Established in 2009 by the American Kennel Club (AKC) and American Veterinary Medical Foundation (AVMF), the award honors a candidate’s long-term contribution to the field of canine research.
“It’s an honor to be recognized by AKC and AVMA, the two leading organizations dedicated to health and well-being of dogs,” said Simpson. “The support of organizations like AVMF and AKC is gratifying and essential as we continue to improve the health of all dogs.”
Dr. Simpson’s discovery of invasive E. coli in boxers and French bulldogs with Granulomatous colitis, a severe inflammatory bowel disease typically diagnosed in young Boxers and French Bulldogs for which he received a grant from the AKC Canine Health Foundation, has resulted in these breeds becoming a model for Crohn’s disease in humans.
His contributions also include the application of culture-independent methods called fluorescence in situ hybridization (FISH) for the identification of bacteria in tissues, the role of intestinal bacteria in disease, and the function of nutrition in gastrointestinal disease. His developments in FISH analysis for bacteria have now been applied to many aspects of veterinary and human medicine.
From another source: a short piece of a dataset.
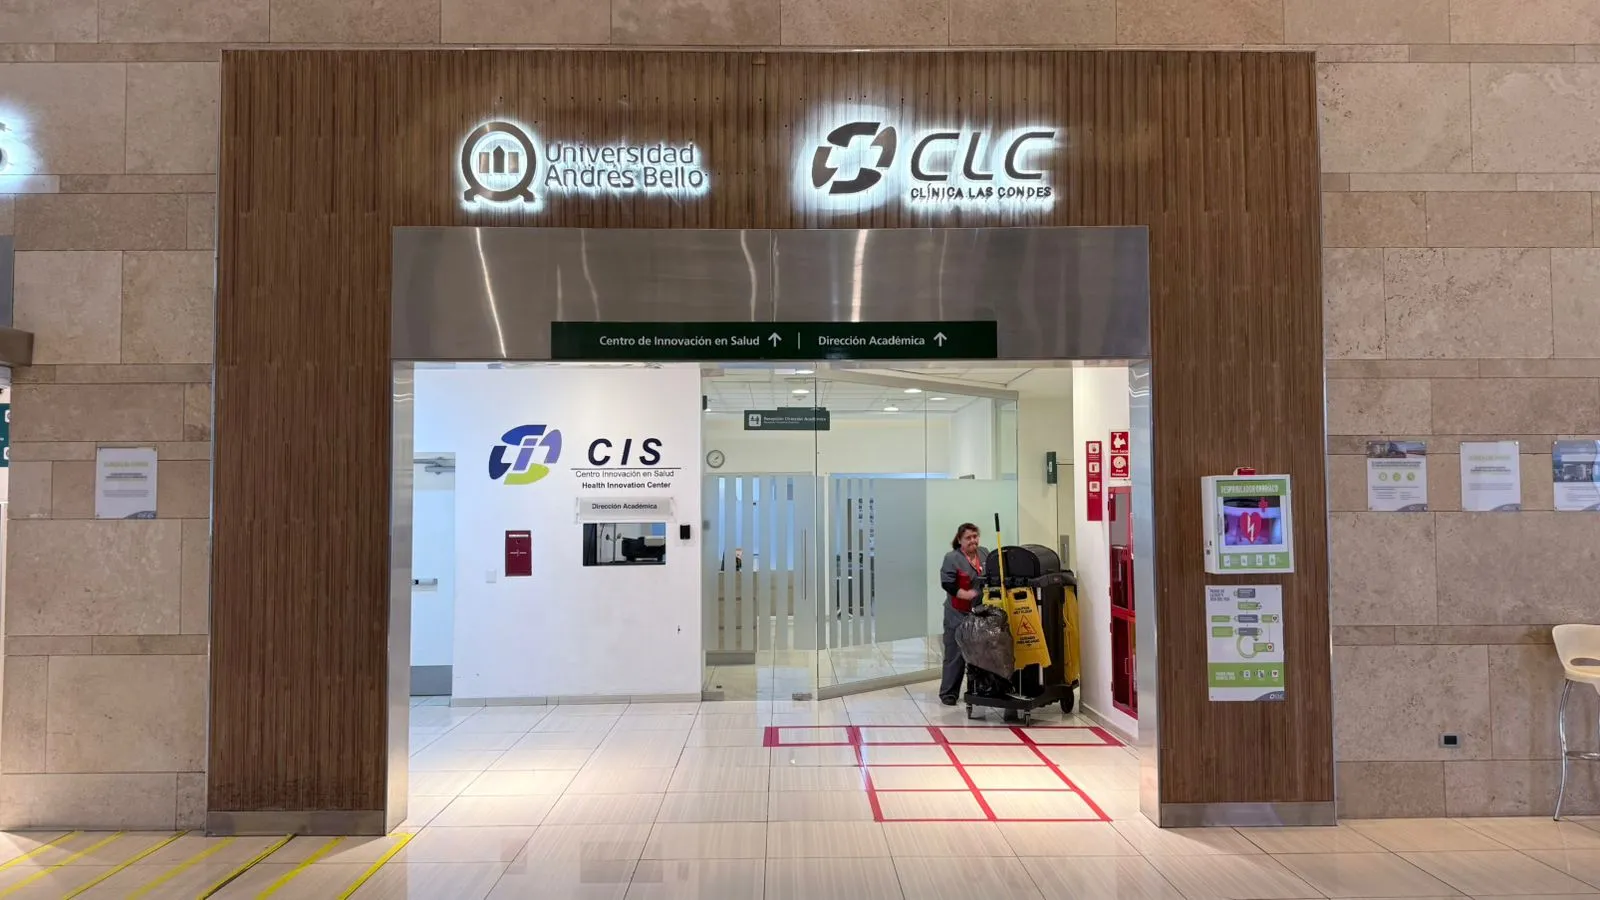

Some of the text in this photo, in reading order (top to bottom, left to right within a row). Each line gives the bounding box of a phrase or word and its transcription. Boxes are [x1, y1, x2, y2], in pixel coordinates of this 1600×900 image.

“The AKC is pleased to partner with the American Veterinary Medical Foundation, the largest national veterinarian-directed animal charity, to present this award to Dr. Simpson,” said AKC’s Mari-Beth O’Neill, AVP, Sport Services and Vet Outreach. “His work advancing animal health and welfare is greatly appreciated by the American Kennel Club.”
AKC Board Member Dr. Charles Garvin presented the award at the Merial NIH National Veterinary Scholars Symposium this weekend at Michigan State University in Lansing, Michigan.